The tension released. The material went slack. He didn’t remove it. He just left it there, unfastened, his hand splayed between her shoulder blades.
He looked at her, his gaze holding hers. He didn’t speak. He didn’t need to.
In the fluorescent light, surrounded by the costume of a warrior, she was completely unwrapped. And he was on his knees, seeing all of it.
Maya's fingers tightened in his hair. She pulled, not hard, but with enough insistence to lift his face from where it hovered, raw and open, before her.
She leaned down from the chair. Her mouth found his.
It wasn’t desperate. It was slow. A deep, grateful press that tasted of dust and salt and the sharp, clean sting of antiseptic from her knee. Her lips were chapped. His were softer than she remembered.
He made a sound against her mouth. A low, broken thing that vibrated through her teeth. His hands came up, framing her face, his thumbs brushing the high arches of her cheekbones. He kissed her back with the same terrifying tenderness he’d used on her bruises.
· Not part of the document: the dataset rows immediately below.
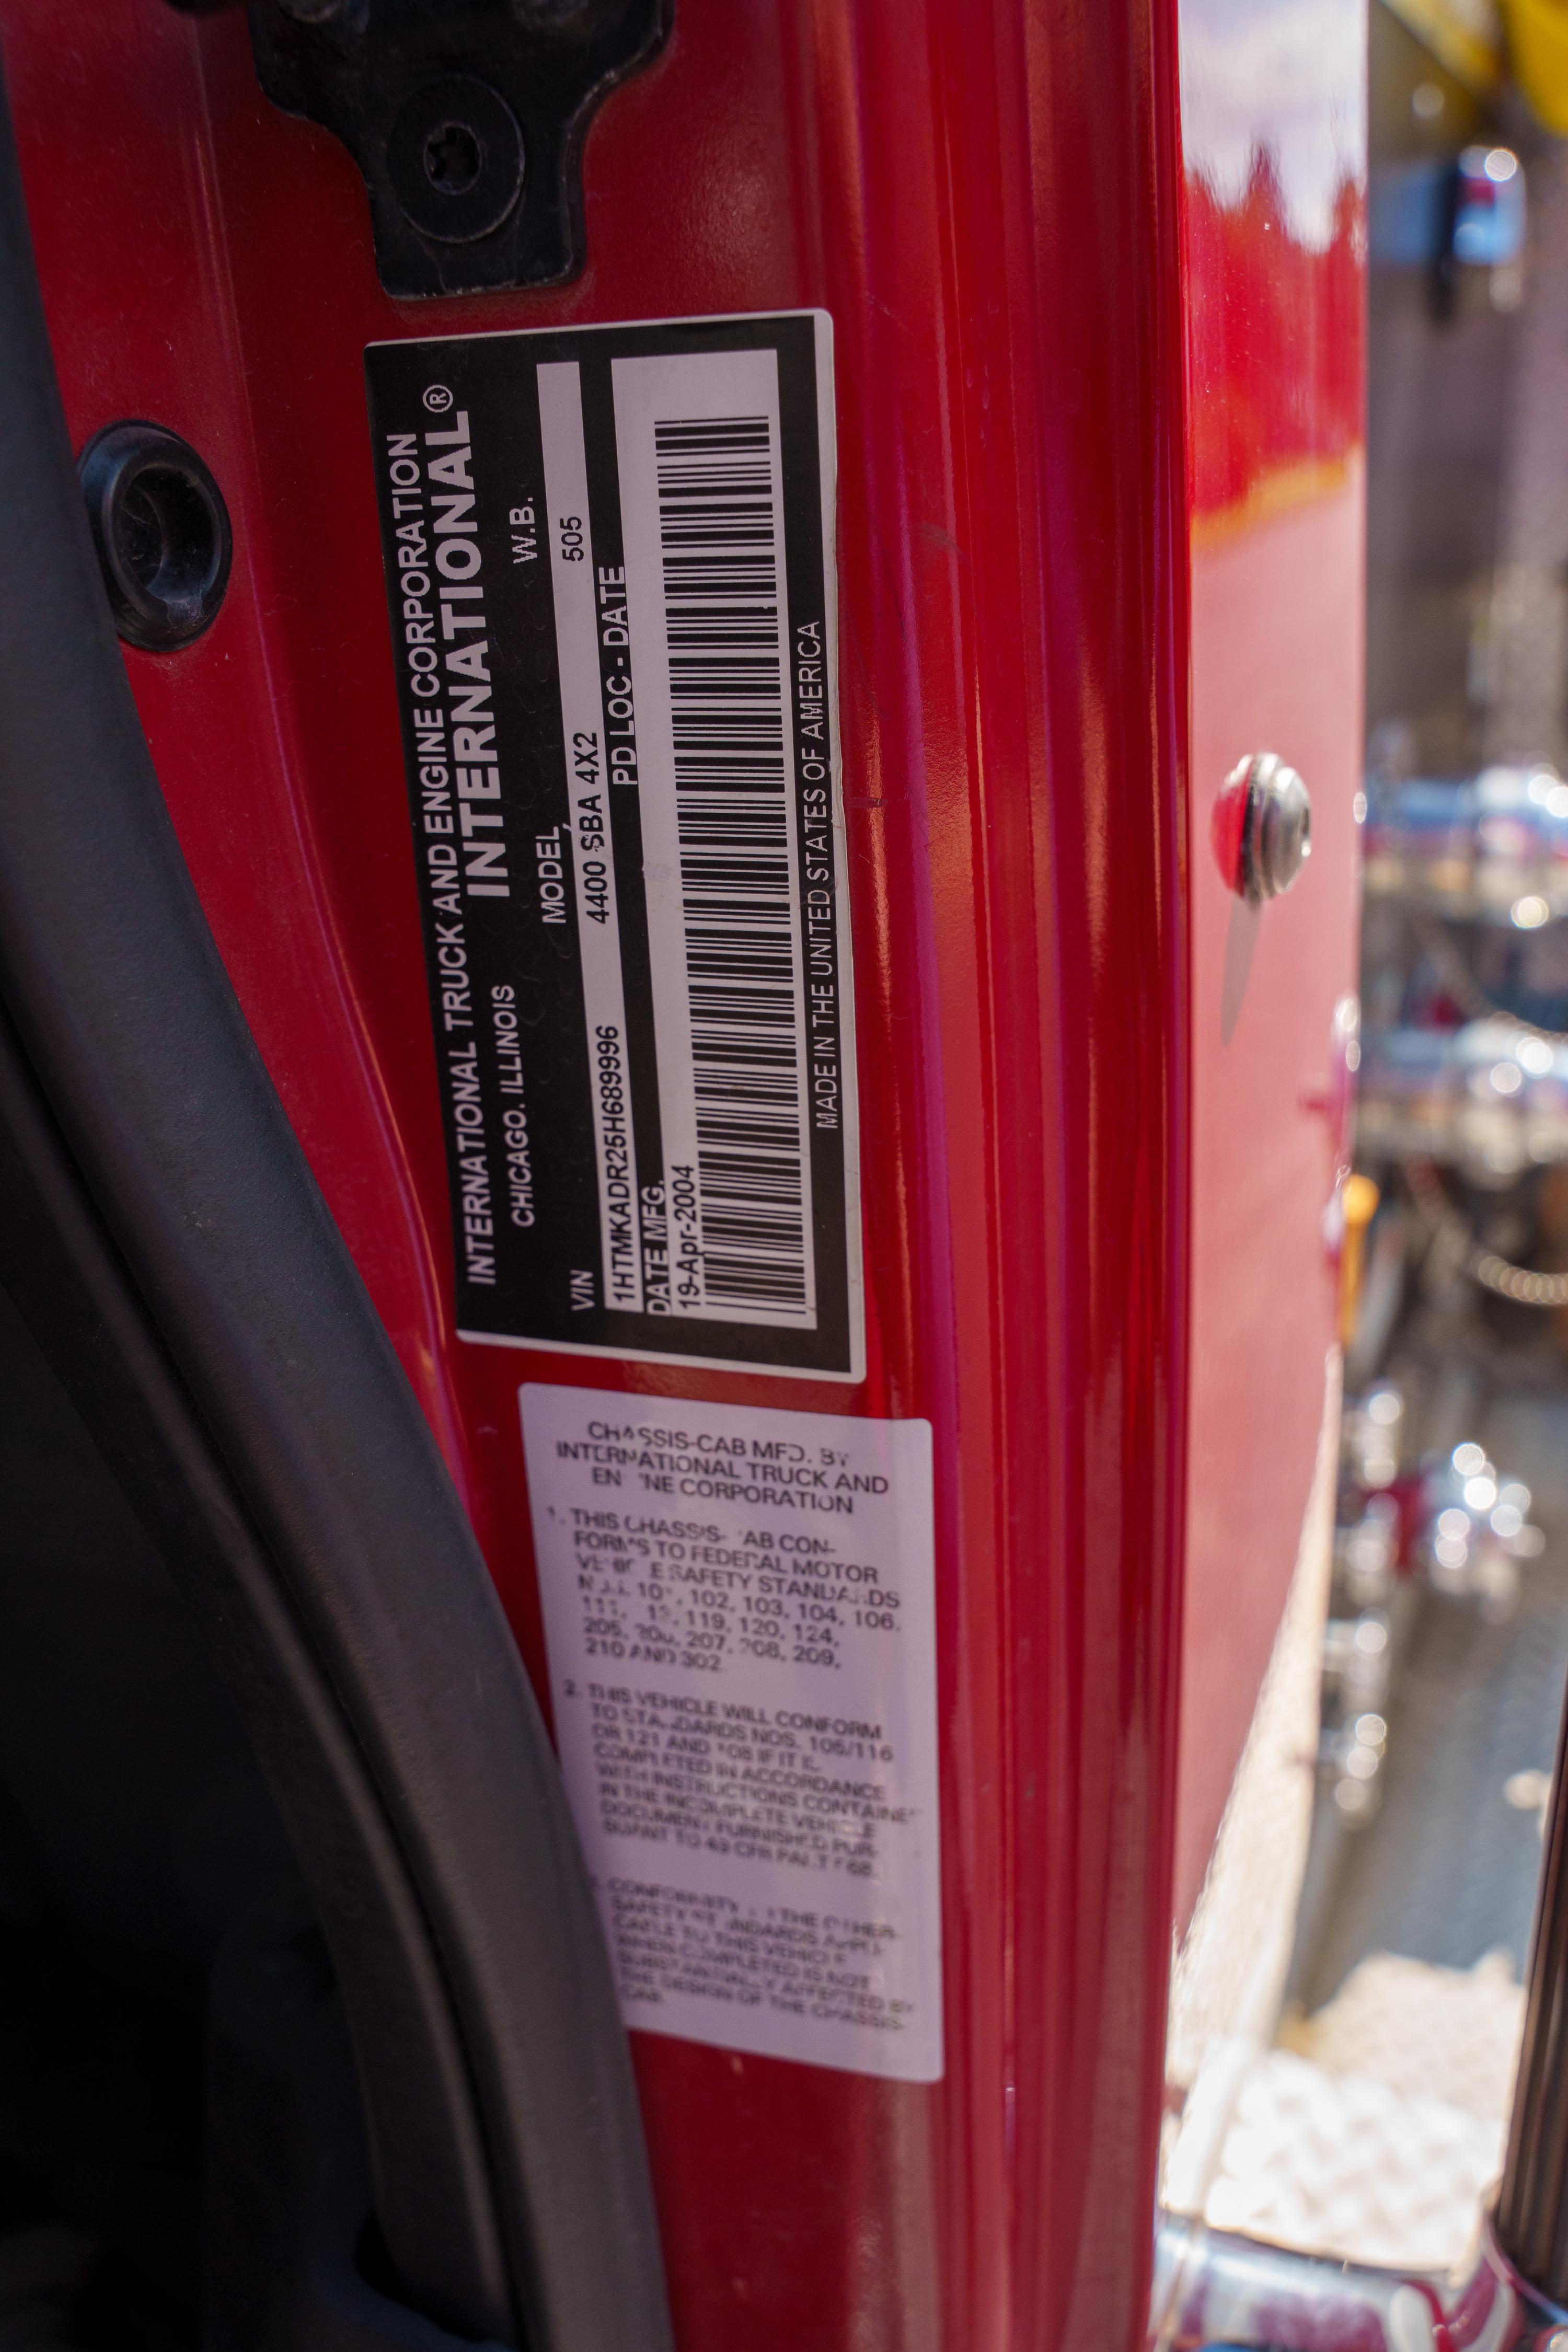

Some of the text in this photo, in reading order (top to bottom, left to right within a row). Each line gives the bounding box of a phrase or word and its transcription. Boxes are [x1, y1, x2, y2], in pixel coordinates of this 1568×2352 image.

[509, 497, 537, 563] W.B.
[559, 515, 584, 561] 505
[598, 566, 629, 645] DATE
[606, 675, 635, 735] LOC
[610, 746, 638, 784] PD
[387, 433, 496, 1284] INTERNATIONAL TRUCK AND ENGINE CORPORATION
[572, 732, 610, 924] 4400 SBA 4X2
[536, 826, 567, 924] MODEL
[797, 621, 838, 1128] MADE IN THE UNITED STATES OF AMERICA
[491, 985, 524, 1094] ILLINOIS
[596, 1025, 636, 1302] 1HTMKADR25H689996
[641, 1179, 672, 1314] DATE MFG.
[671, 1165, 705, 1309] 19-Apr-2004
[570, 1269, 595, 1310] VIN
[556, 1440, 889, 1494] INTERNATIONAL TRUCK AND
[592, 1466, 852, 1514] ENNE CORPORATION
[571, 1507, 620, 1531] THIS
[655, 1540, 686, 1561] TO
[792, 1558, 879, 1584] MOTOR
She could feel the tremble in his wrists.
She broke the kiss, just far enough to breathe the same air. His eyes were still wet. “Stand up,” she whispered.
He rose, his knees cracking faintly. He stood between her legs, which were still parted from where he’d knelt. She looked up at him, at the scar on his temple, at the weary lines at the corners of his eyes.
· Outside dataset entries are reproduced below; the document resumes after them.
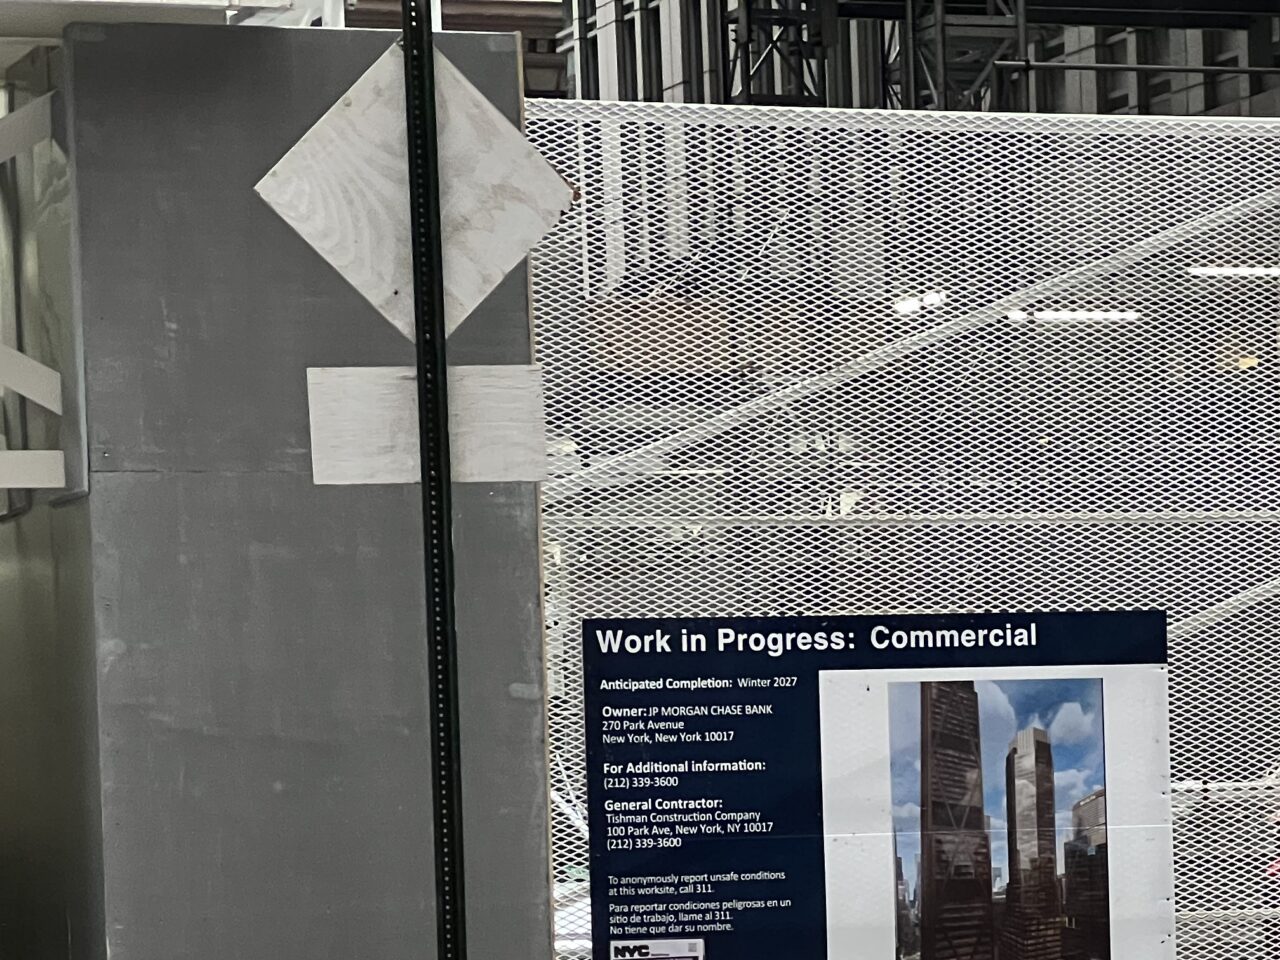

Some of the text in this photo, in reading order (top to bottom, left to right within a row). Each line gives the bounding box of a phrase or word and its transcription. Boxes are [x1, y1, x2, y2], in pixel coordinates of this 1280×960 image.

[596, 622, 1037, 657] Work in Progress: Commercial
[600, 676, 798, 692] Anticipated Completion: Winter 2027
[602, 704, 772, 717] Owner: JP MORGAN CHASE BANK
[602, 720, 684, 730] 270 Park Avenue
[602, 731, 734, 744] New York, New York 10017
[604, 759, 766, 774] For Additional information:
[604, 776, 678, 790] (212) 339-3600
[604, 798, 722, 812] General Contractor:
[606, 811, 760, 824] Tishman Construction Company
[607, 822, 774, 836] 100 Park Ave, New York, NY 10017
[606, 838, 682, 850] (212) 339-3600
[608, 870, 786, 885] To anonymously report unsafe conditions
[620, 886, 636, 896] this
[637, 886, 678, 894] worksite,
[679, 884, 694, 894] call
[609, 904, 628, 912] Para
[630, 903, 667, 913] reportar
[668, 900, 720, 910] condiciones
[722, 900, 766, 910] peligrosas
[610, 915, 628, 924] sitio
[630, 914, 642, 923] de
[643, 913, 676, 924] trabajo,
[678, 912, 702, 922] llame
[704, 912, 712, 920] al
[610, 926, 622, 934] No
[624, 926, 648, 934] tiene
[649, 926, 666, 935] que
[668, 924, 682, 932] dar
[697, 922, 734, 932] nombre.
[613, 944, 650, 958] NYC
She hooked her fingers in the belt loops of his jeans and pulled him closer. The denim scraped the inside of her bare thighs. She pressed her forehead to his stomach, feeling the solid heat of him through his shirt. She inhaled—leather, sun-baked cotton, him.
His hands settled in her hair. He didn’t speak.
She turned her head, her cheek resting against his abdomen. She could feel the rhythm of his breathing. “You saw all of it,” she said, the words muffled against his shirt.
“Yeah.” His voice was rough.
“And?”
His fingers stroked through her hair, from crown to nape. A long, slow pass. “And it’s mine.”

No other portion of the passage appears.